May 01: EHR vs EMR…Again

electronic health records

Actual Electronic Information Exchange Needs to Become Routine

Dr. William A. Hyman
Professor Emeritus, Biomedical Engineering
Texas A&M University, w-hyman@tamu.edu
Read other articles by this author

A recent e-discussion on EHRs and EMRs reminded me that back in ancient times, e.g. 2011, the terminology Electronic Medical Records (EMR) and Electronic Health Records (EHR) were both being used and were said to have distinct meanings. EMRs were to be an electronic version of the practitioner or hospital medical record. Such medical records were of course well known as paper documents, were mostly provider specific and the providers resisted sharing it with patients even after it became well established that the patient had an absolute right to both see and have a copy of their “chart”.
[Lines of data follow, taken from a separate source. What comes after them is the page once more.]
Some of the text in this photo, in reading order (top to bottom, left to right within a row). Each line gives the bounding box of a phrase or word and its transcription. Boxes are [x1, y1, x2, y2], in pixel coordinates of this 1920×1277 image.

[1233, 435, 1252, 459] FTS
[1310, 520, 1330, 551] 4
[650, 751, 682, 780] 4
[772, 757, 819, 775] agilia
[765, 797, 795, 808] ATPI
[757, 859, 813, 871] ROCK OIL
EHRs, especially under Meaningful Use, envisioned a collection of EMRs (as defined above), i.e. an integrated but practitioner produced big picture of an individual’s health status and their treatment across multiple providers and, importantly, multiple specialties. So far EHRs have not met this goal and have instead largely been EMRs. Collecting and sharing a patient’s medical data has not reached real life as we know it, except perhaps in a few settings where a large but unified system encompasses multiple providers and uses a truly integrated electronic record that all practitioners can look at and populate. The VA;s Vista is noted to be a good example of this, but with the caveat that it can’t share data with the DOD, and at least one project to create a dual system ended in failure. Those of us who see multiple individual doctors and related services have become used to seeing the doctors working on their own electronic record (while perhaps muttering under their breath or even out loud). Yet depending on our level of health care consumption, we are equally familiar with faxed and hand carried data going between specialists.
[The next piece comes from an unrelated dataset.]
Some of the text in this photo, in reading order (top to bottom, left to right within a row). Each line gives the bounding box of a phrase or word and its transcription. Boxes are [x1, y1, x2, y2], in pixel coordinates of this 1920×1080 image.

The term PHR, Personal Health Record, also had its day. PHR is a patient generated record which is used to collect information for their own perusal and to maintain records such as immunizations and lab data that can be shared with a doctor, in part because the doctor can’t access your other provider’s medical record. A PHR might also be used for non-provider derived yet relevant data such as diet and exercise. This is the “wellness” space that many app developers want to be in, especially those savvy enough to realize that they want to be in a consumer environment rather than  a regulated environment. While some careful and fastidious people are good at maintaining a PHP, in whatever form, many others are not. Anecdotally, I was told by a urologist that they expect men who are engineers to come in with a spread sheet of their PSA values, especially if they have moved around a bit and/or if they have otherwise gotten values from different providers. I cannot confirm that this is an accurate stereotype.
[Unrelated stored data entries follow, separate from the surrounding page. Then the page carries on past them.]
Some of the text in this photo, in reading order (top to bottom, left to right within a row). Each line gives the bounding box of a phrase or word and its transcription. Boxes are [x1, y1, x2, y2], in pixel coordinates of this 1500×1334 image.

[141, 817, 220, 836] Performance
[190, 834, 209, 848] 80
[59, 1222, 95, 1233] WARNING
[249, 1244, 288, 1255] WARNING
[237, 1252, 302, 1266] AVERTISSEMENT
For those that are cognizant of the differences between EHRs, EMRs, and PHRs, such differences may become moot if actual electronic information exchange becomes routine, even automatic. If (when?) this occurs we might have one electronic record which is our EHR and includes all of our EMRs. And if it were accessible to us as well as our health care professionals (and insurance companies and public health entities) at least some PHR functions would become unnecessary.